What the task requires
Only the pictures are to be dropped; return all other data below exactly.

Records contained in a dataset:
BEGIN
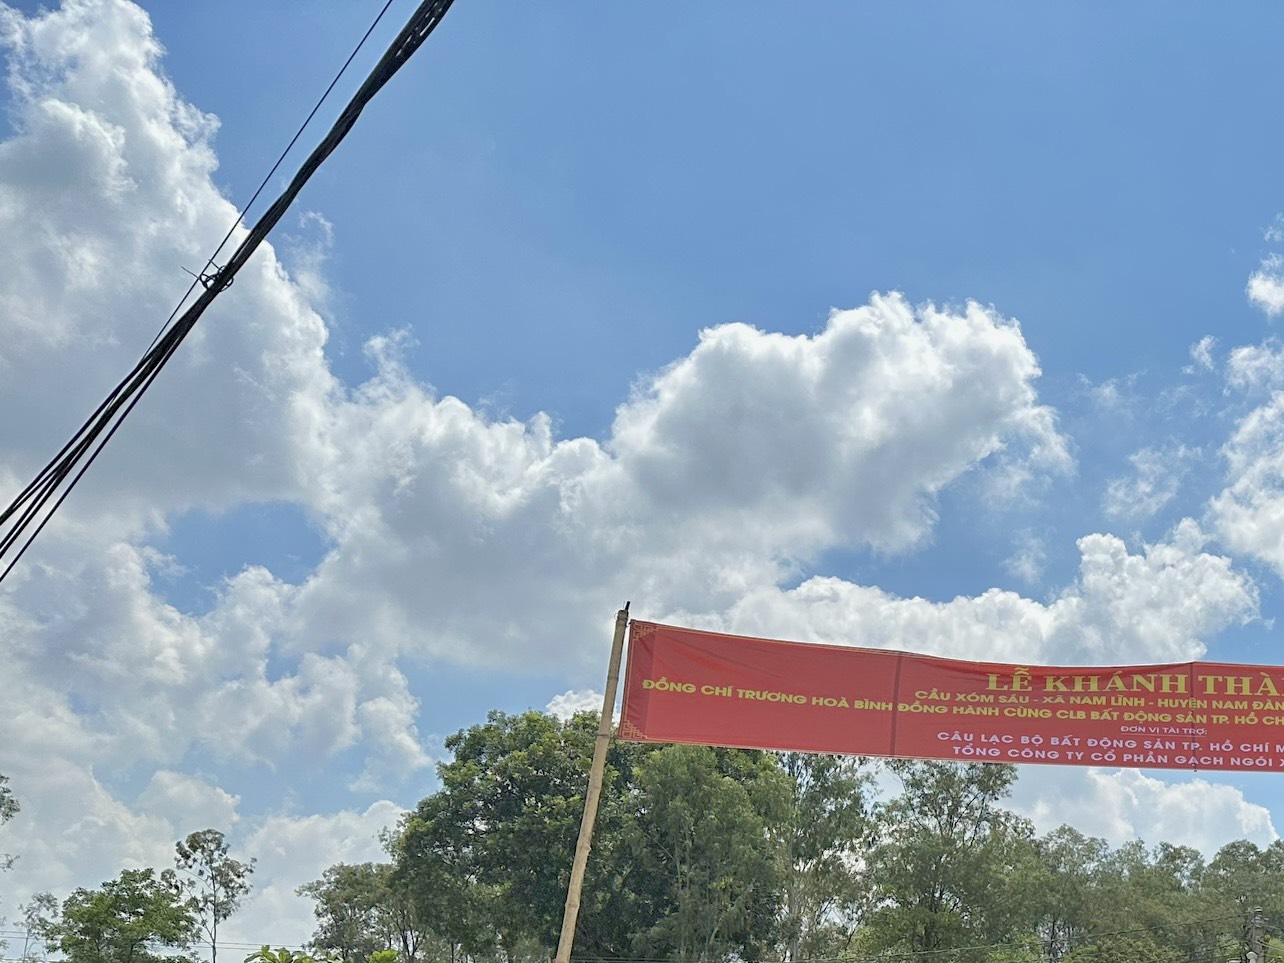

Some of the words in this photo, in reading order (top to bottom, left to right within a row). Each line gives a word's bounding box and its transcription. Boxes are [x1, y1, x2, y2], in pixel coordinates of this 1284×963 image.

[986, 667, 1033, 692] LỄ
[1043, 670, 1189, 694] KHÁNH
[642, 676, 697, 694] ĐỒNG
[700, 685, 733, 698] CHÍ
[736, 688, 807, 705] TRƯƠNG
[812, 696, 849, 708] HOÀ
[854, 699, 893, 711] BÌNH
[897, 700, 948, 714] ĐỒNG
[952, 704, 999, 717] HÀNH
[1003, 706, 1053, 719] CÙNG
[1056, 709, 1087, 720] CLB
[1090, 708, 1119, 721] BẤT
[1123, 710, 1172, 724] ĐỘNG
[1175, 709, 1207, 724] SẢN
[1211, 714, 1230, 724] TP.
[1234, 712, 1259, 725] HỒ
[914, 687, 951, 701] CẦU
[955, 692, 994, 703] XÓM
[998, 693, 1030, 704] SÁU
[1069, 696, 1106, 706] NAM
[1157, 697, 1207, 711] HUYỆN
[1212, 700, 1248, 710] NAM
[937, 730, 974, 742] CÂU
[980, 734, 1014, 745] LẠC
[1020, 734, 1044, 747] BỘ
[1050, 734, 1081, 747] BẤT
[1087, 736, 1137, 750] ĐỘNG
[1143, 738, 1176, 750] SẢN
[1182, 741, 1203, 751] TP.
[1209, 739, 1233, 752] HỒ
[1239, 742, 1270, 753] CHÍ
[1121, 725, 1146, 734] ĐƠN
[1149, 726, 1160, 735] VỊ
[1163, 725, 1181, 735] TÀI
[953, 743, 1001, 757] TỔNG
[1007, 748, 1060, 760] CÔNG
[1066, 751, 1084, 761] TY
[1090, 750, 1117, 762] CỔ
[1123, 751, 1168, 764] PHẦN
[1174, 755, 1224, 767] GẠCH
[1230, 756, 1273, 768] NGÓI
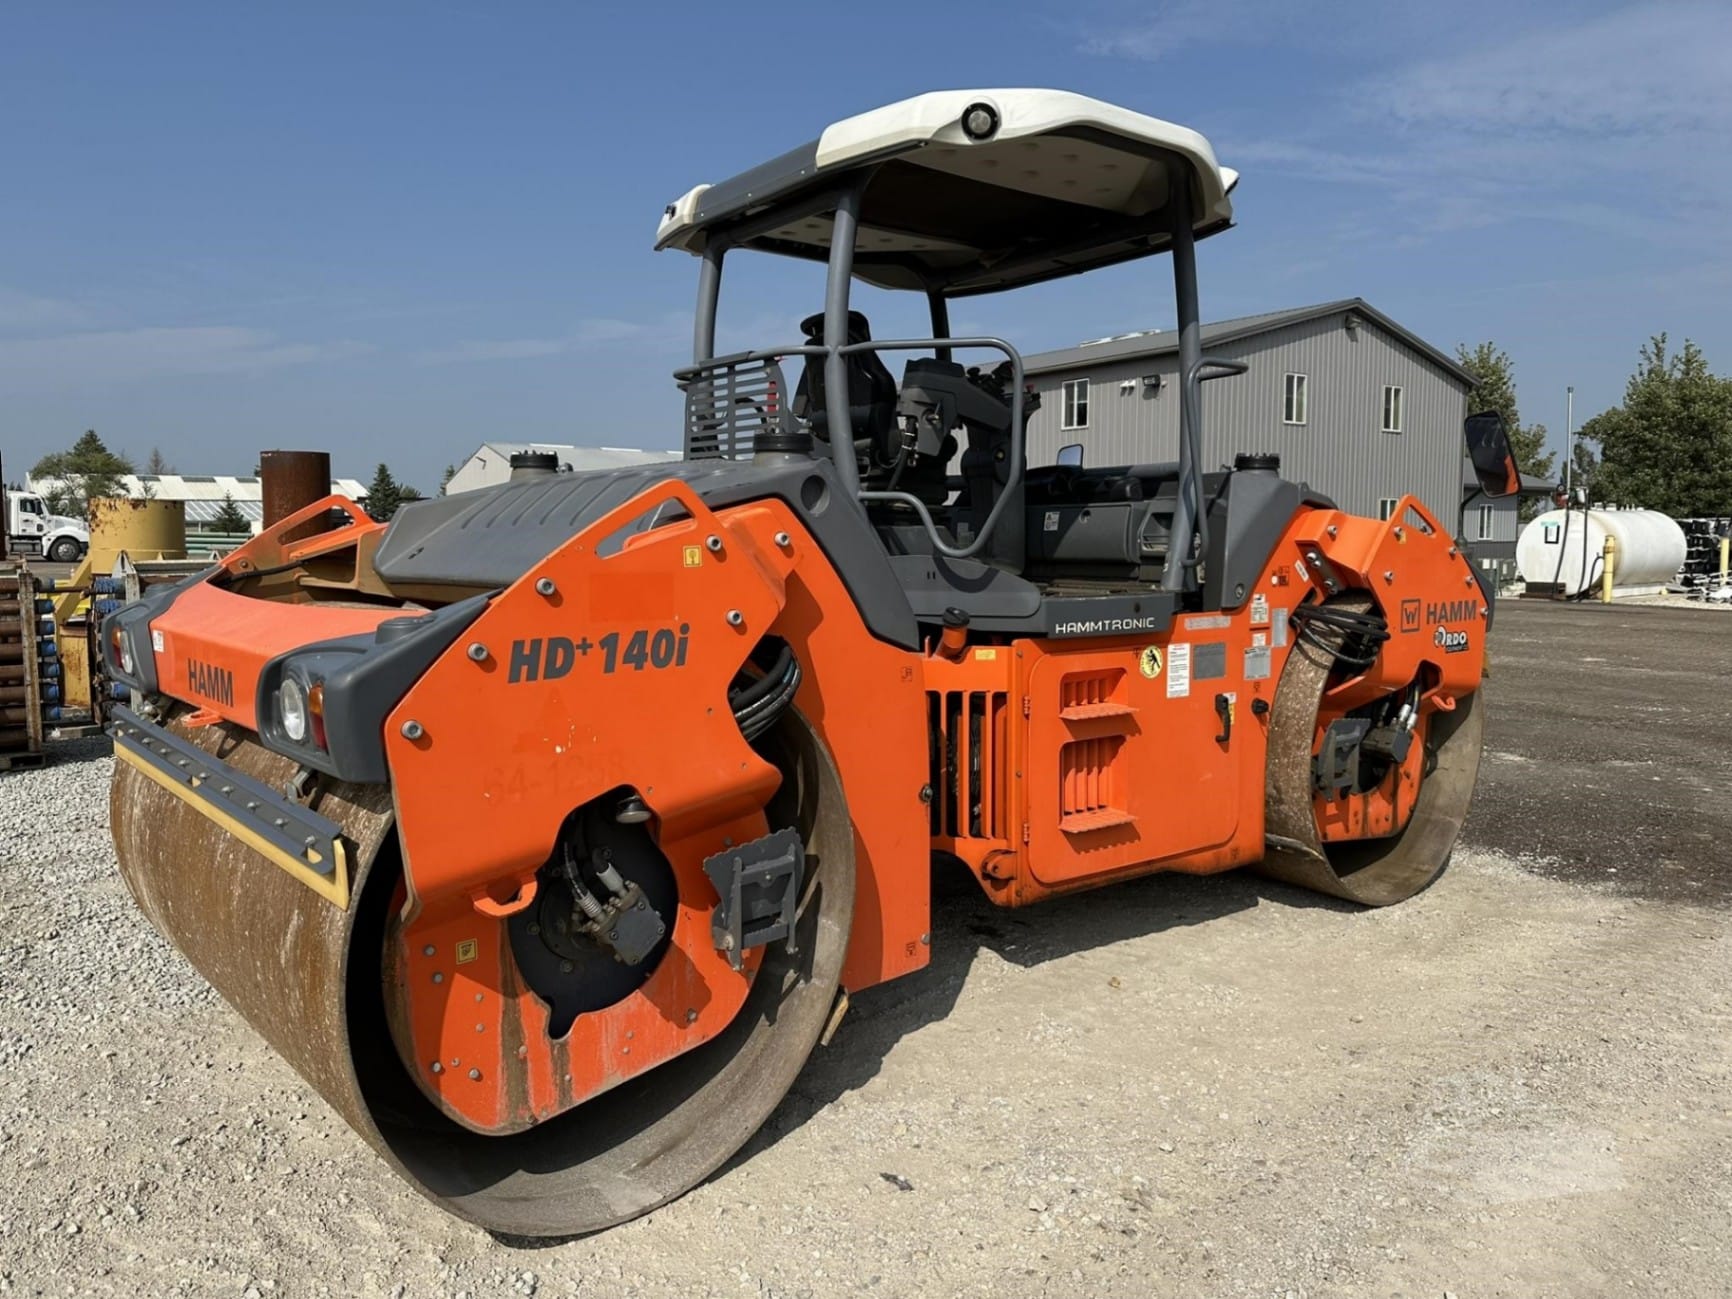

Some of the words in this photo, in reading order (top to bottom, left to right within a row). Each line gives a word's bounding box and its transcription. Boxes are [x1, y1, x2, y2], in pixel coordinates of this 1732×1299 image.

[1055, 617, 1155, 634] HAMMTRONIC
[1426, 600, 1477, 625] HAMM
[599, 623, 690, 674] 140i
[187, 657, 234, 708] HAMM
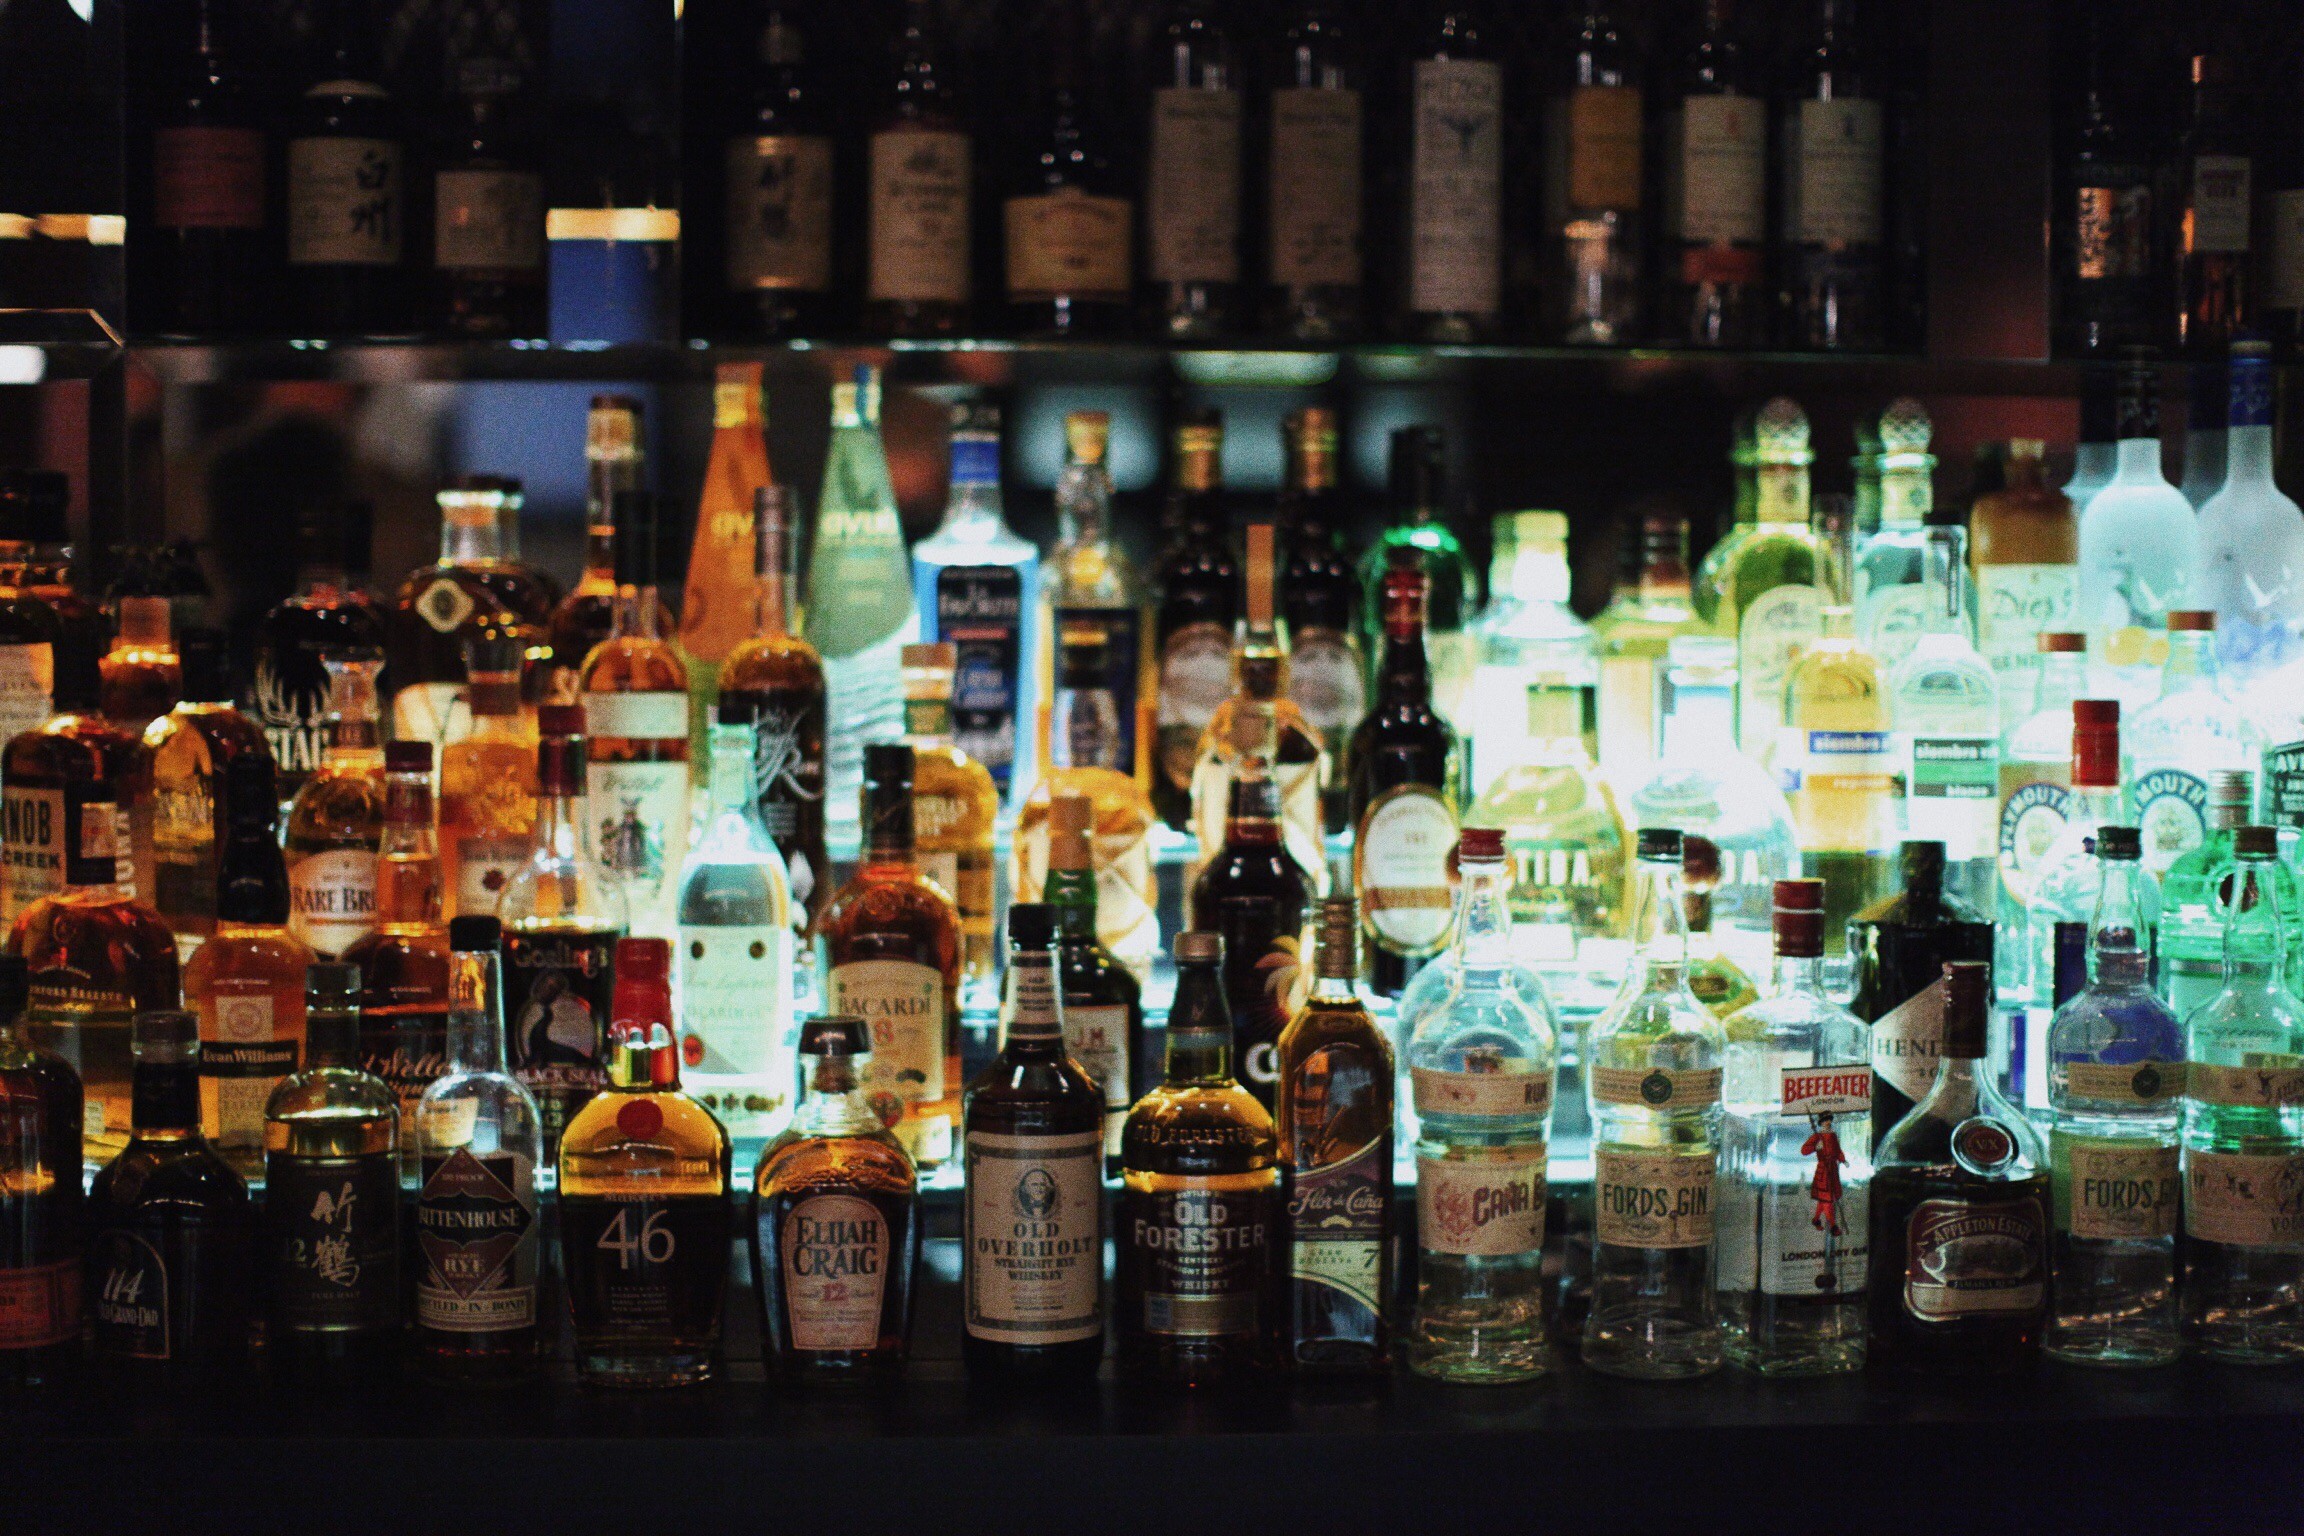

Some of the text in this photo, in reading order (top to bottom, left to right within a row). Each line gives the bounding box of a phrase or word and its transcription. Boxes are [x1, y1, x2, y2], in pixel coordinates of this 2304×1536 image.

[1917, 743, 1978, 759] siembra
[3, 799, 51, 845] NOB
[202, 1047, 292, 1064] Evan Williams
[1784, 1074, 1870, 1104] BEEFEATER
[1603, 1184, 1707, 1217] FORDS GIN
[2084, 1178, 2153, 1209] FORDS
[418, 1206, 520, 1228] RITTENHOUSE
[1173, 1200, 1228, 1226] OLD
[597, 1207, 677, 1270] 46
[796, 1217, 877, 1248] ELIJAH
[1014, 1222, 1060, 1239] OLD
[1134, 1218, 1266, 1253] FORESTER
[1933, 1216, 2033, 1244] APPLETON ESTATE
[977, 1236, 1093, 1257] OVERHOLT
[1363, 1248, 1380, 1268] 7
[1782, 1251, 1826, 1262] LONDON
[444, 1258, 486, 1273] RYE
[793, 1244, 878, 1279] CRAIG
[102, 1266, 144, 1305] 114
[822, 1282, 849, 1302] 12
END
Output below
Some of the words in this photo, in reading order (top to bottom, left to right within a row). Each line gives a word's bounding box and its transcription. Boxes are [x1, y1, x2, y2], in pixel coordinates of this 1284×963 image.

[986, 667, 1033, 692] LỄ
[1043, 670, 1189, 694] KHÁNH
[642, 676, 697, 694] ĐỒNG
[700, 685, 733, 698] CHÍ
[736, 688, 807, 705] TRƯƠNG
[812, 696, 849, 708] HOÀ
[854, 699, 893, 711] BÌNH
[897, 700, 948, 714] ĐỒNG
[952, 704, 999, 717] HÀNH
[1003, 706, 1053, 719] CÙNG
[1056, 709, 1087, 720] CLB
[1090, 708, 1119, 721] BẤT
[1123, 710, 1172, 724] ĐỘNG
[1175, 709, 1207, 724] SẢN
[1211, 714, 1230, 724] TP.
[1234, 712, 1259, 725] HỒ
[914, 687, 951, 701] CẦU
[955, 692, 994, 703] XÓM
[998, 693, 1030, 704] SÁU
[1069, 696, 1106, 706] NAM
[1157, 697, 1207, 711] HUYỆN
[1212, 700, 1248, 710] NAM
[937, 730, 974, 742] CÂU
[980, 734, 1014, 745] LẠC
[1020, 734, 1044, 747] BỘ
[1050, 734, 1081, 747] BẤT
[1087, 736, 1137, 750] ĐỘNG
[1143, 738, 1176, 750] SẢN
[1182, 741, 1203, 751] TP.
[1209, 739, 1233, 752] HỒ
[1239, 742, 1270, 753] CHÍ
[1121, 725, 1146, 734] ĐƠN
[1149, 726, 1160, 735] VỊ
[1163, 725, 1181, 735] TÀI
[953, 743, 1001, 757] TỔNG
[1007, 748, 1060, 760] CÔNG
[1066, 751, 1084, 761] TY
[1090, 750, 1117, 762] CỔ
[1123, 751, 1168, 764] PHẦN
[1174, 755, 1224, 767] GẠCH
[1230, 756, 1273, 768] NGÓI

Some of the words in this photo, in reading order (top to bottom, left to right within a row). Each line gives a word's bounding box and its transcription. Boxes are [x1, y1, x2, y2], in pixel coordinates of this 1732×1299 image.

[1055, 617, 1155, 634] HAMMTRONIC
[1426, 600, 1477, 625] HAMM
[599, 623, 690, 674] 140i
[187, 657, 234, 708] HAMM

Some of the text in this photo, in reading order (top to bottom, left to right within a row). Each line gives the bounding box of a phrase or word and its transcription. Boxes are [x1, y1, x2, y2], in pixel coordinates of this 2304×1536 image.

[1917, 743, 1978, 759] siembra
[3, 799, 51, 845] NOB
[202, 1047, 292, 1064] Evan Williams
[1784, 1074, 1870, 1104] BEEFEATER
[1603, 1184, 1707, 1217] FORDS GIN
[2084, 1178, 2153, 1209] FORDS
[418, 1206, 520, 1228] RITTENHOUSE
[1173, 1200, 1228, 1226] OLD
[597, 1207, 677, 1270] 46
[796, 1217, 877, 1248] ELIJAH
[1014, 1222, 1060, 1239] OLD
[1134, 1218, 1266, 1253] FORESTER
[1933, 1216, 2033, 1244] APPLETON ESTATE
[977, 1236, 1093, 1257] OVERHOLT
[1363, 1248, 1380, 1268] 7
[1782, 1251, 1826, 1262] LONDON
[444, 1258, 486, 1273] RYE
[793, 1244, 878, 1279] CRAIG
[102, 1266, 144, 1305] 114
[822, 1282, 849, 1302] 12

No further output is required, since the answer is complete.